## Required work
Could the listing be repeated exactly, with every picture dropped?

## Record set
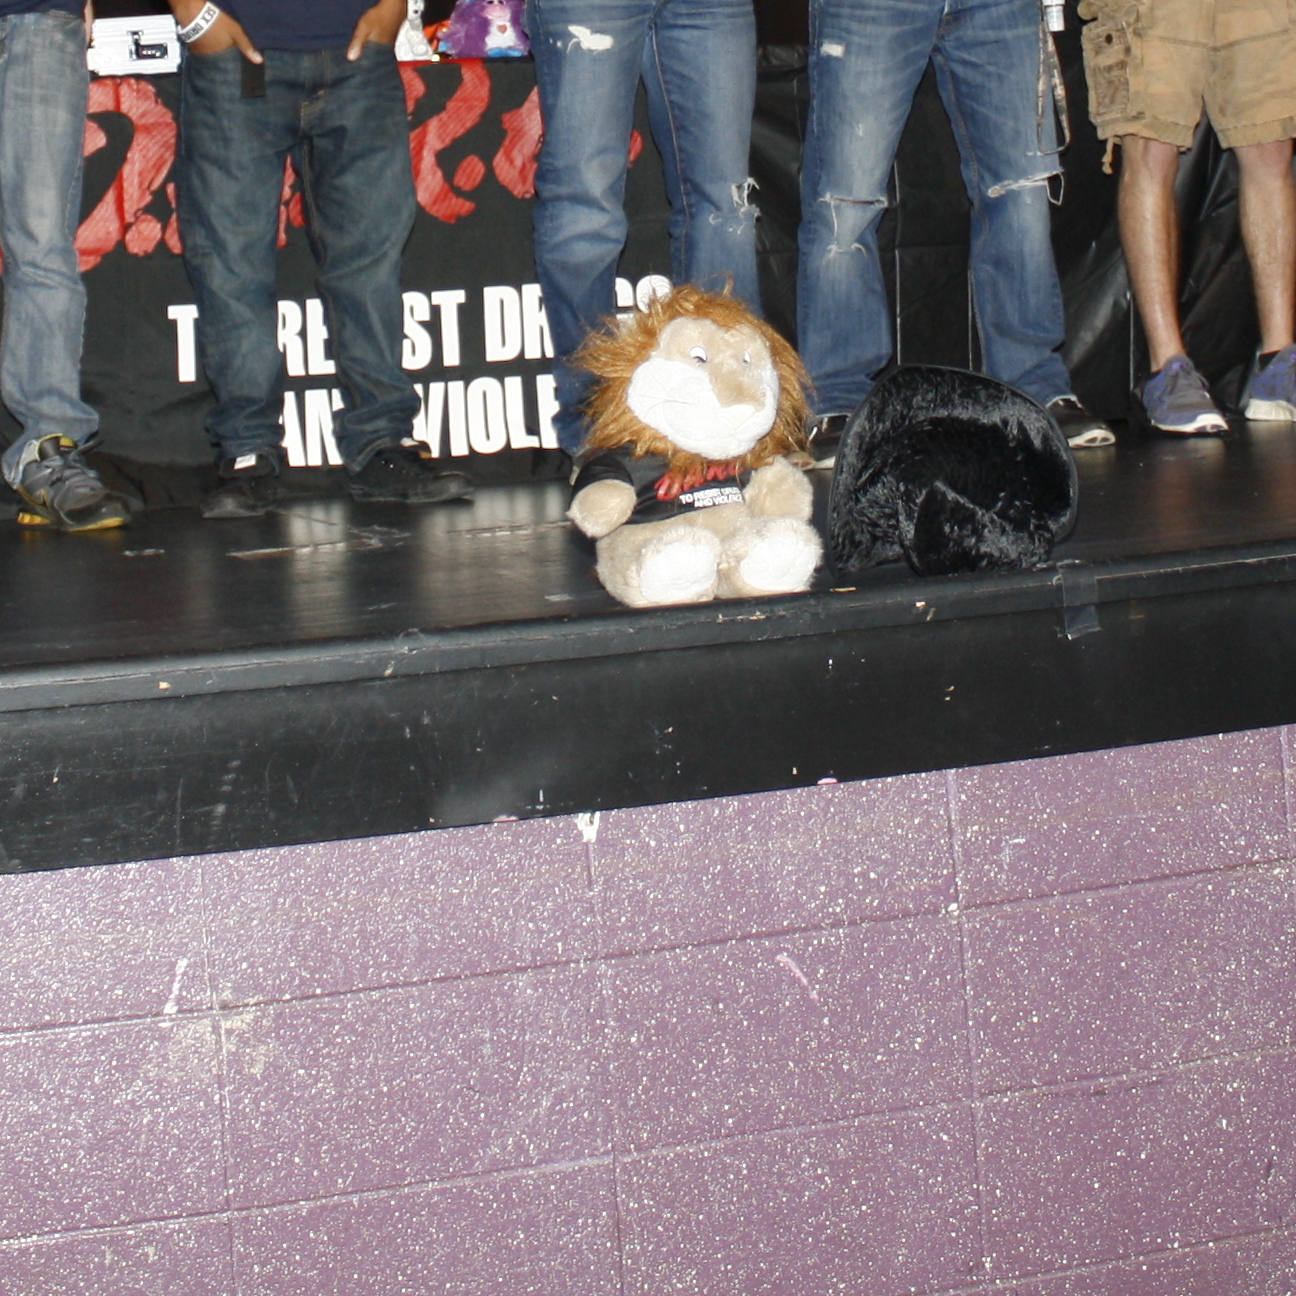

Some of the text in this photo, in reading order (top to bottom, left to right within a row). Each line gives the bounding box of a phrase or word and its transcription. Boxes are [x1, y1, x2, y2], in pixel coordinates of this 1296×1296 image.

[167, 304, 199, 382] T
[277, 289, 465, 377] REST
[278, 373, 561, 467] AN VIOLE
[679, 493, 693, 504] TO
[694, 498, 713, 507] AND

## Answer space
Some of the text in this photo, in reading order (top to bottom, left to right within a row). Each line gives the bounding box of a phrase or word and its transcription. Boxes are [x1, y1, x2, y2], in pixel coordinates of this 1296×1296 image.

[167, 304, 199, 382] T
[277, 289, 465, 377] REST
[278, 373, 561, 467] AN VIOLE
[679, 493, 693, 504] TO
[694, 498, 713, 507] AND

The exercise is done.